Overall, innocent spouse relief can provide significant financial relief to an individual in San Diego who would otherwise be held responsible for the taxes their spouse owes. It can also help to preserve the integrity of marriages that have been affected by financial difficulties or safeguard either spouse from unfair financial harm. As a result, innocent spouse relief is an important tool that can help protect taxpayers from unfair tax liabilities outside their personal control.
How Delia Law Can Help You With Innocent Spouse Relief
Delia Law can help you with innocent spouse relief if you have been without reasonable knowledge of your spouse’s underpayment of taxes. Under the current law, if your spouse omits income on your tax return, and the omission is significant, you may be held liable for the understatement, plus interest and penalties. This can put a tremendous financial burden on you, even though you were unaware of the omission.
The good news is that there are options available for innocent spouses who didn’t know about and had no reason to know about their spouse’s underpayment. Delia Law will work with you to file for innocent spouse relief and get the best possible outcome for your situation. You shouldn’t have to bear the brunt of your spouse’s mistakes, and with our help, you won’t have to. Contact us today to learn more.
California-Specific Tax Laws
California residents are subject to some of the highest taxes in the nation. The same applies to businesses operating in the state or people living outside of California but earning income from the state.

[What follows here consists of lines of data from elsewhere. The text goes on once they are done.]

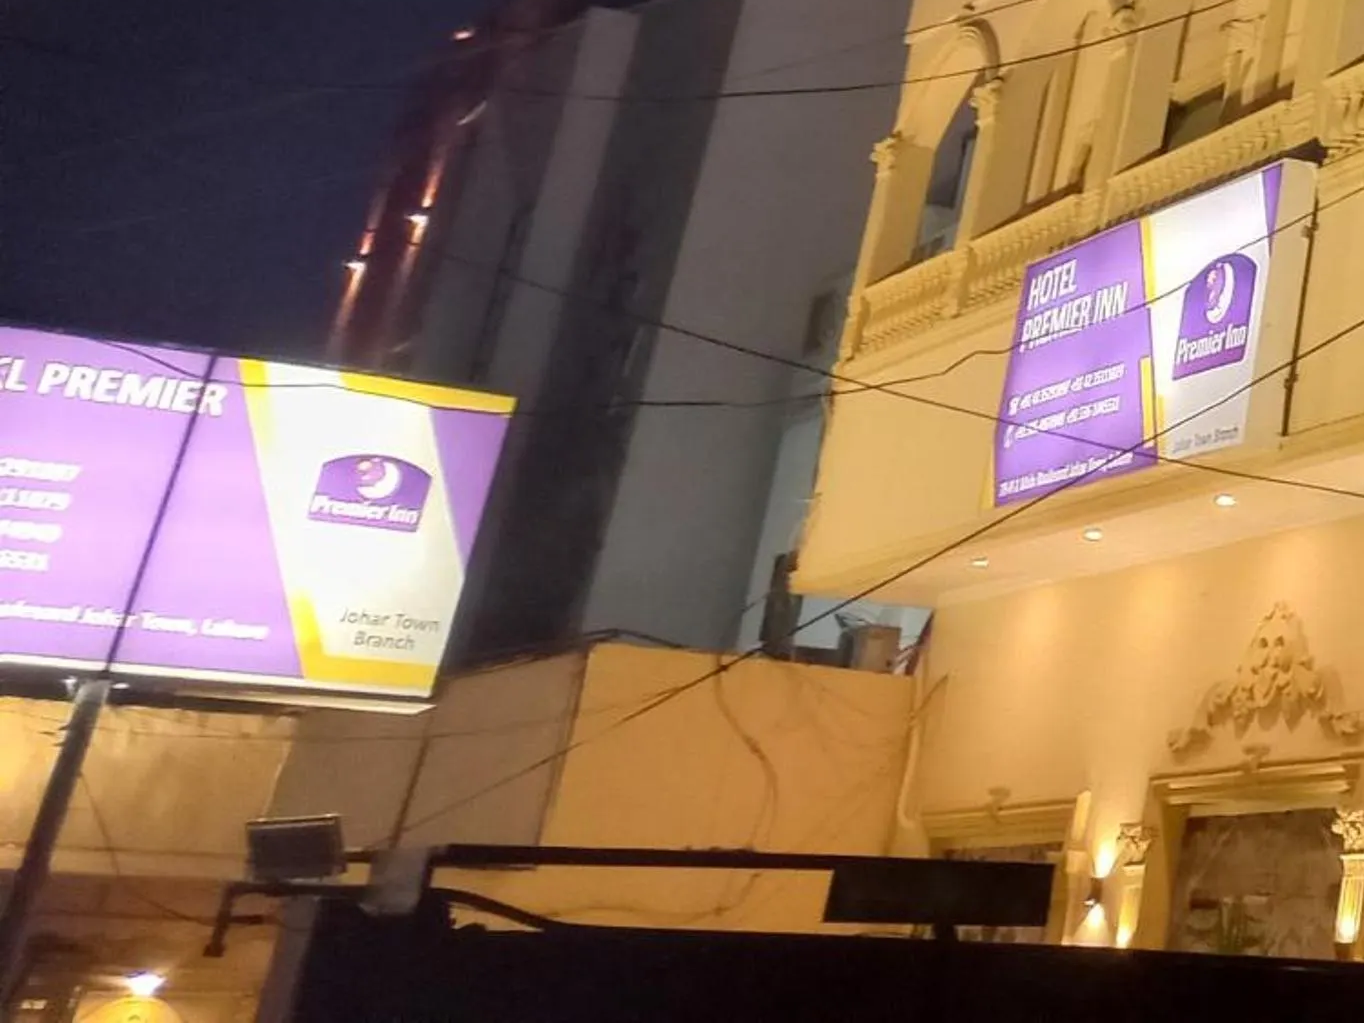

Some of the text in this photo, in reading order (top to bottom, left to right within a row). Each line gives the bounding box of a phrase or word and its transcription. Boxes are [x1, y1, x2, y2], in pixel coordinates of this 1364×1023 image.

[1027, 259, 1078, 310] HOTEL
[1020, 281, 1129, 352] PREMIER INN
[1176, 323, 1247, 364] Premier Inn
[37, 361, 229, 416] PREMIER
[310, 495, 419, 524] Premier Inn
[339, 606, 440, 632] Johar Town
[353, 630, 416, 650] Branch
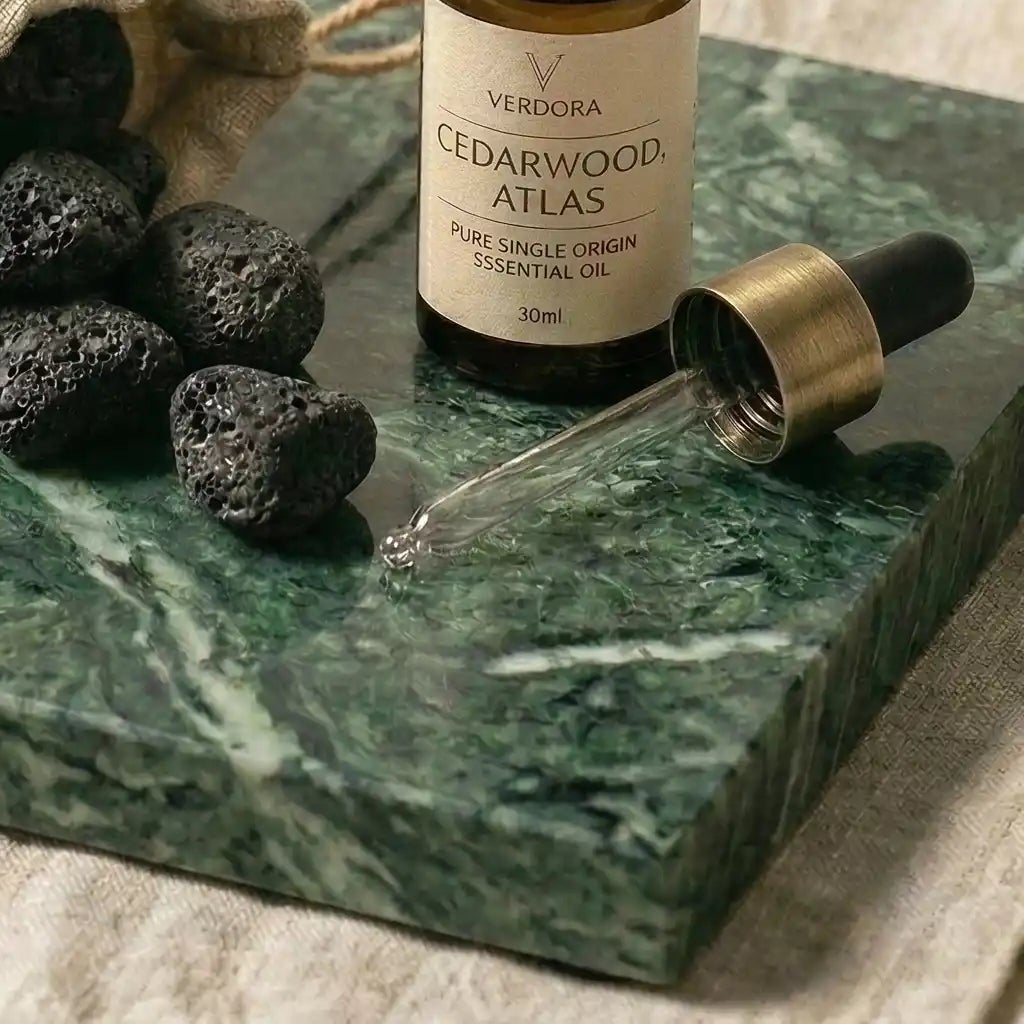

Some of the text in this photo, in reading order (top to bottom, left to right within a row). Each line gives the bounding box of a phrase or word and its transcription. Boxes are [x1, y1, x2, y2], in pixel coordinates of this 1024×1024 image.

[524, 51, 566, 92] V
[487, 90, 603, 117] VERDORA
[437, 122, 666, 179] CEDARWOOD,
[491, 183, 606, 216] ATLAS
[450, 220, 637, 259] PURE SINGLE ORIGIN
[579, 262, 611, 279] OIL
[518, 306, 562, 324] 30ml
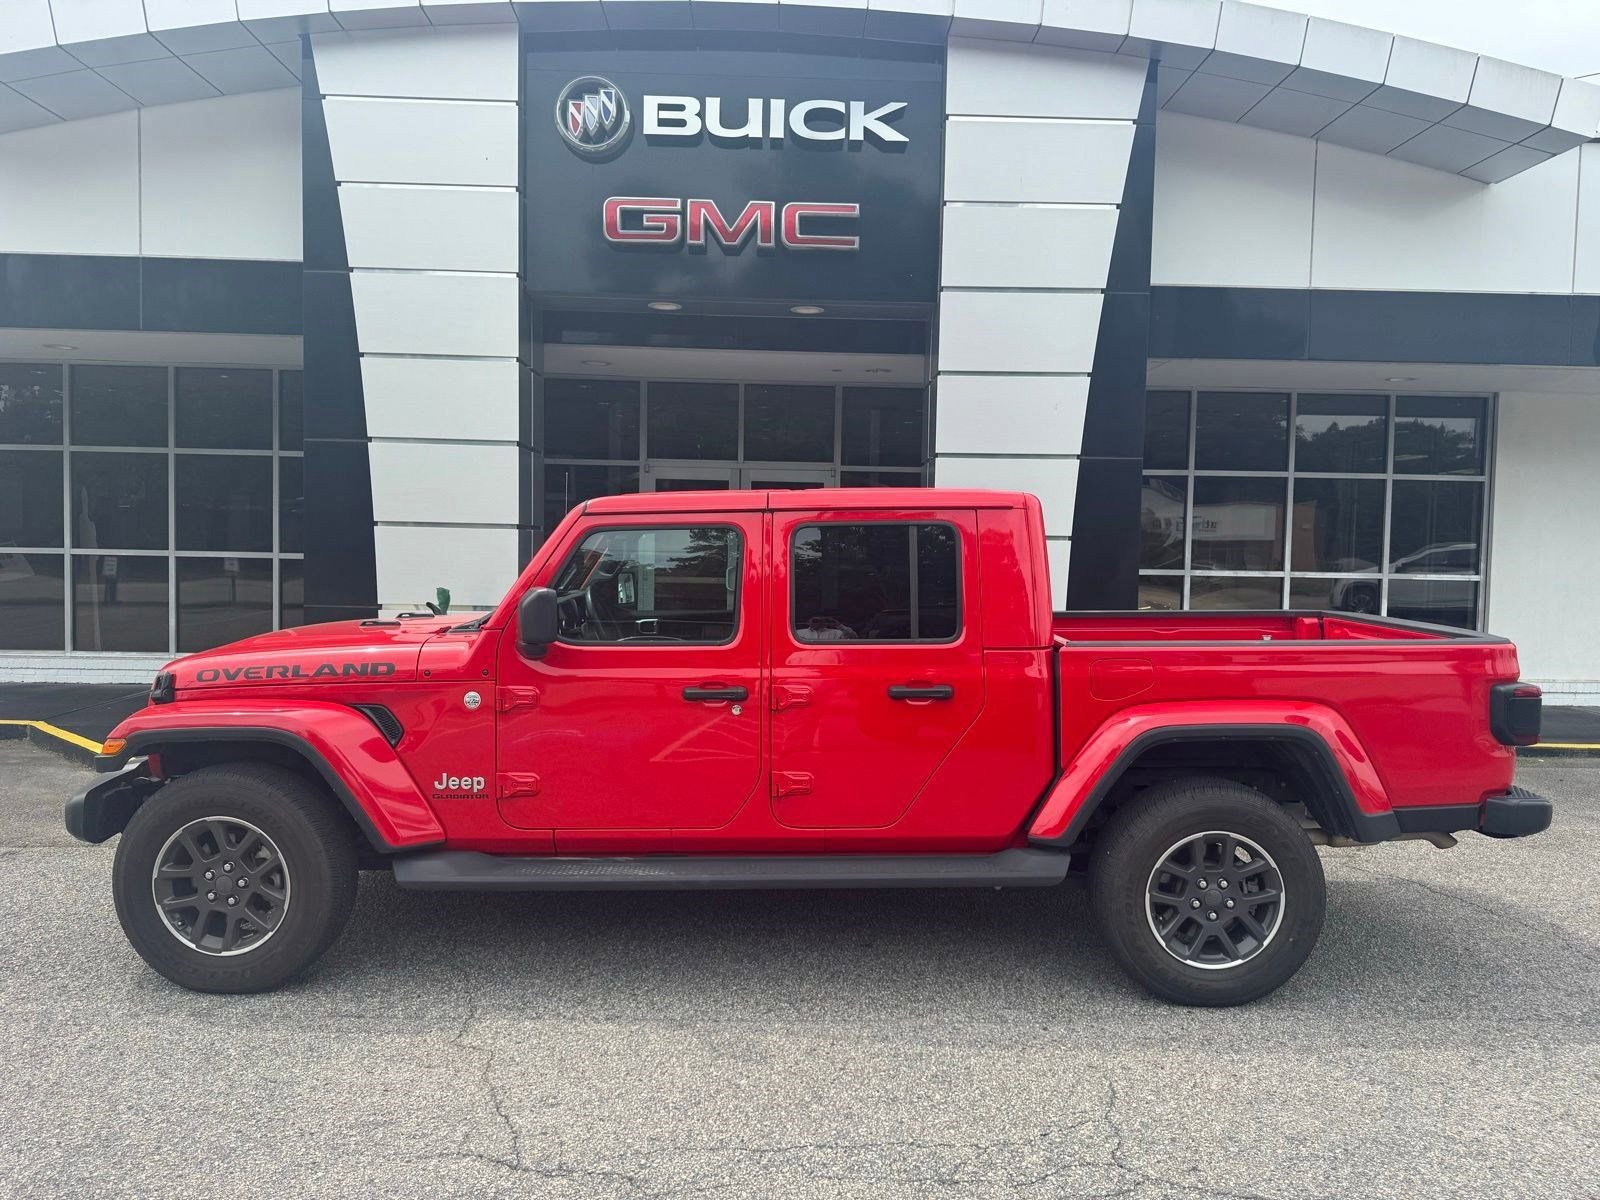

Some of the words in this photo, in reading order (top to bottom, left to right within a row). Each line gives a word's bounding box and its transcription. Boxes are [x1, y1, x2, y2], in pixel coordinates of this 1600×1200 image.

There are four main types of taxes in California:
- State income tax. For state tax in California, the tax rate for those filing as a married couple range from 1% to 12.3%, depending on the income bracket. If you make under $18,650, you are only required to pay 1% of your income in state taxes. However, the other end of the spectrum imposes a 12.3% tax rate on annual salaries of $1,250,739 or higher. There is also a 1% mental health service tax that is imposed on anyone making more than a million dollars a year.
- Local tax. At the local level, the amount you pay locally depends on the county and city in which you reside. There are a total of 58 counties in California, each with its own tax rate. For example, in El Dorado County, the tax rate is 0.25%, while in Orange County, the tax rate is also 0.25%, but with an additional 1.5% added in for local school taxes.
- Corporate tax. The corporate tax rate in California is 8.84%, which is higher than average nationally. These taxes are imposed on the majority of businesses, regardless of whether they are based in California or operate in the state.
Sales tax. In terms of sales tax, there is a statewide rate of 7.25%, which is again higher than average. However, some areas have rates as high as 10%. These taxes are generally imposed on retail items. Residents and shoppers of the state do get relief from sales tax on some essential items, such as no tax on groceries and prescription drugs, as well as reduced tax rates on clothing, prepared food, and over-the-counter medications.